## Records for the task
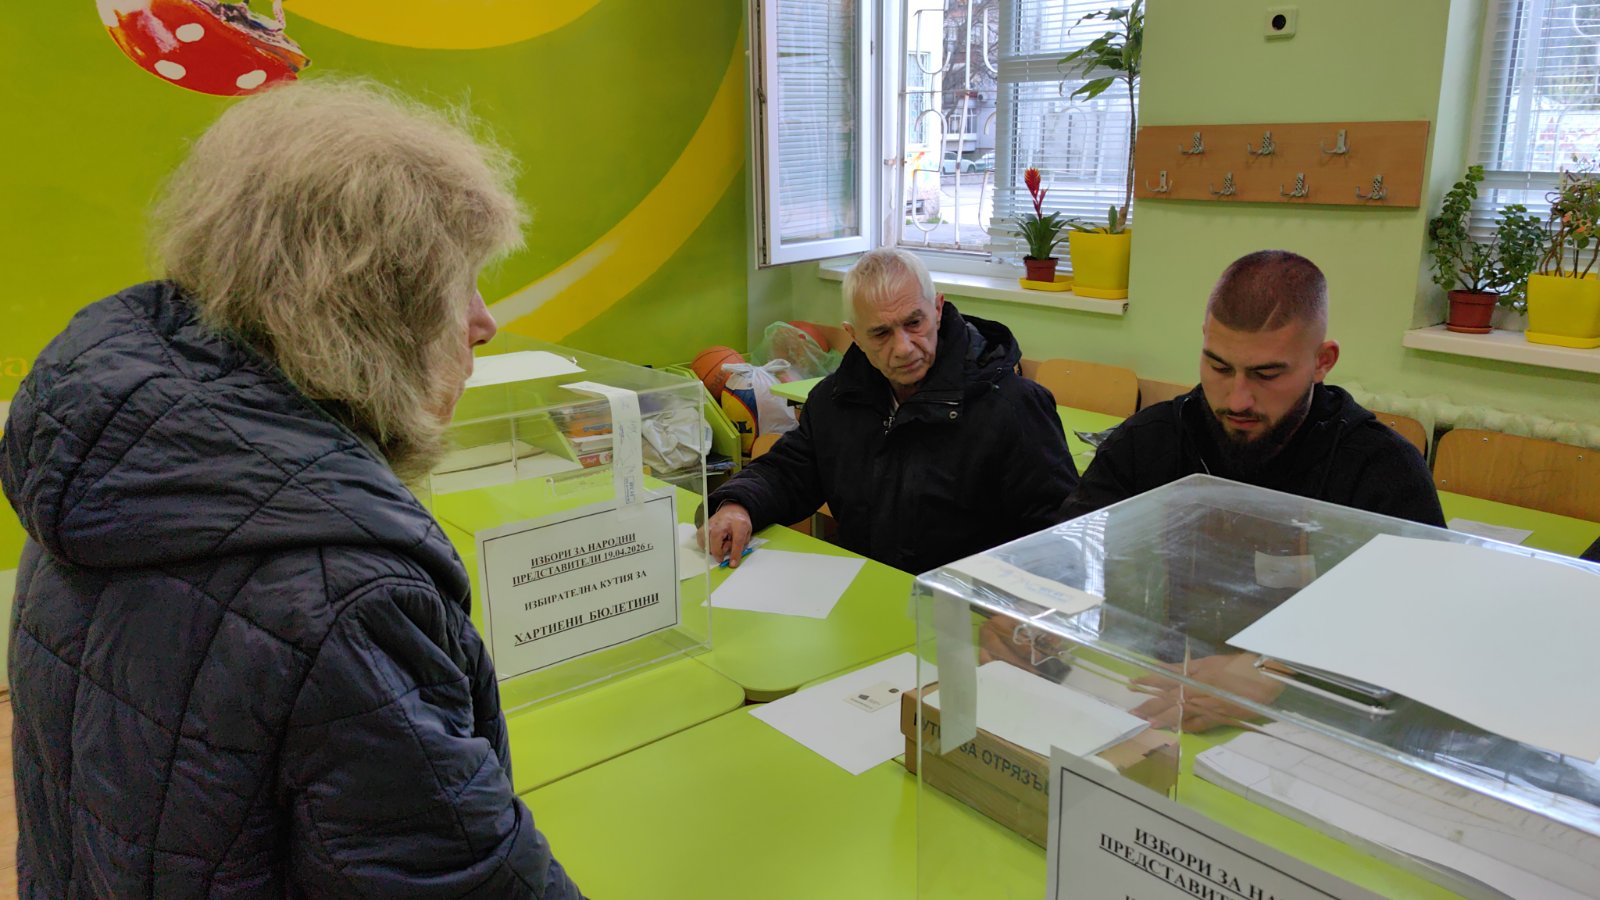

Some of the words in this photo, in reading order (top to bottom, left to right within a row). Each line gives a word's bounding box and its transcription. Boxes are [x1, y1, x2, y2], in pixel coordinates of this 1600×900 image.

[512, 553, 602, 585] ПРЕДСТАВИТЕЛИ
[604, 543, 646, 561] 19.04.2026
[530, 548, 572, 567] ИЗБОРИ
[574, 546, 586, 556] ЗА
[588, 532, 636, 552] НАРОДНИ
[524, 583, 598, 612] ИЗБИРАТЕЛНА
[600, 572, 633, 589] КУТИЯ
[635, 570, 647, 579] ЗА
[514, 614, 583, 645] ХАРТИЕНИ
[589, 592, 660, 622] БЮЛЕТИНИ
[1135, 827, 1212, 877] ИЗБОРИ
[1219, 868, 1241, 892] ЗА

## Exercise
Return all of the lines above without alteration, minus the pictures.

## Expected answer
Some of the words in this photo, in reading order (top to bottom, left to right within a row). Each line gives a word's bounding box and its transcription. Boxes are [x1, y1, x2, y2], in pixel coordinates of this 1600×900 image.

[512, 553, 602, 585] ПРЕДСТАВИТЕЛИ
[604, 543, 646, 561] 19.04.2026
[530, 548, 572, 567] ИЗБОРИ
[574, 546, 586, 556] ЗА
[588, 532, 636, 552] НАРОДНИ
[524, 583, 598, 612] ИЗБИРАТЕЛНА
[600, 572, 633, 589] КУТИЯ
[635, 570, 647, 579] ЗА
[514, 614, 583, 645] ХАРТИЕНИ
[589, 592, 660, 622] БЮЛЕТИНИ
[1135, 827, 1212, 877] ИЗБОРИ
[1219, 868, 1241, 892] ЗА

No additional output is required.